Navigate neural circuit data at different levels of abstraction using schematic representations with NeuroScheme on your desktop. Representing neural structures as icons and glyphs allows interpretation of data features quickly and precisely.
NeuroScheme (NS) uses schematic representations, such as icons and glyphs to encode attributes of neural structures (i.e. neurons, columns, layers, populations, etc.). This abstraction alleviates problems with displaying, navigating, and analysing, large datasets. NS has been designed specifically to manage hierarchically organised neural structures; one can navigate through the levels of the hierarchy, and hone in on their desired level of details.

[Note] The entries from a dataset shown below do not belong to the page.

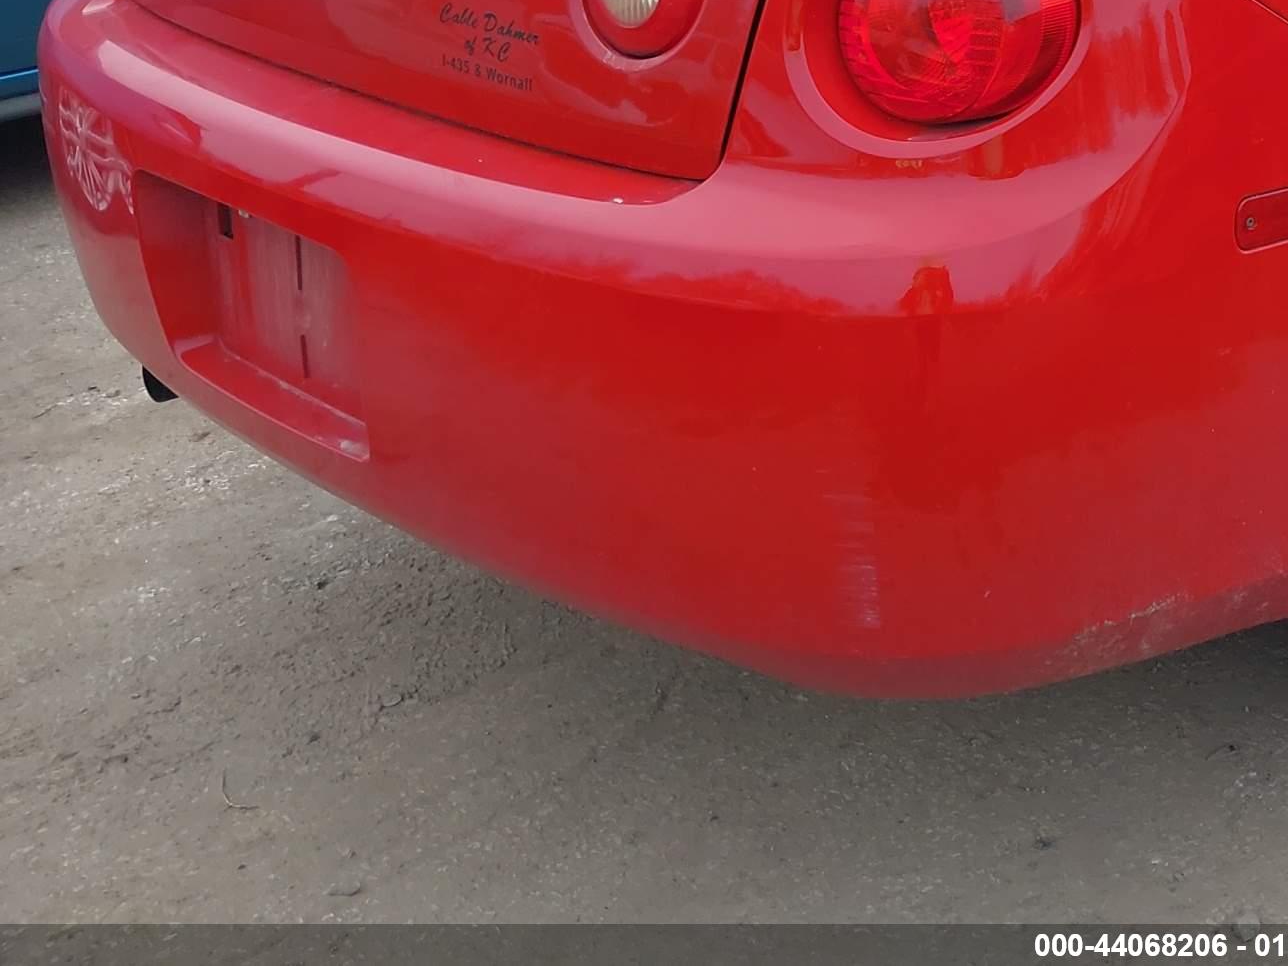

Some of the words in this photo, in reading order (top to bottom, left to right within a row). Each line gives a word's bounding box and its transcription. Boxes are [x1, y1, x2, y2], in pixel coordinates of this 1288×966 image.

[440, 2, 479, 28] Cable
[484, 13, 539, 45] Dahmer
[465, 36, 478, 56] of
[483, 37, 511, 63] KC
[487, 67, 533, 91] Wornall

NS works using what we call "domains". These domains specify which entities, attributes and relationships are going to be used for a specific use case. NS currently has two built-in domains: “cortex” and “congen”. The “cortex” domain is designed for navigating and analysing cerebral cortex structures (i.e. neurons, micro-columns, columns, layers, etc.). The “congen” domain can be used to define the properties of both cells and connections, create circuits composed of neurons, and build populations. Groups of populations can be easily moved to a higher level of abstraction (such as column or layer), allowing one to create complex networks with little effort. These circuits can be exported afterwards and used for further analysis and simulations.
NS can be coupled with other applications, such as NeuroTessMesh or ViSimpl, in a coordinated multi-view framework.
The abstracted visualisation in NS can be coupled with NeuroTessMesh to allow realistic visualisation of the entities. NeuroTessMesh provides a visual environment for the generation of 3D polygonal meshes that approximate the membrane of neuronal cells, from the morphological tracings that describe the morphology of the neurons.
Neuroscheme coupled with ViSimpl lets you use the symbolic representations and different levels of abstraction to navigate through the dataset, and at the same time have the ability to visualise the spatiotemporal and electrophysiological components of the simulation.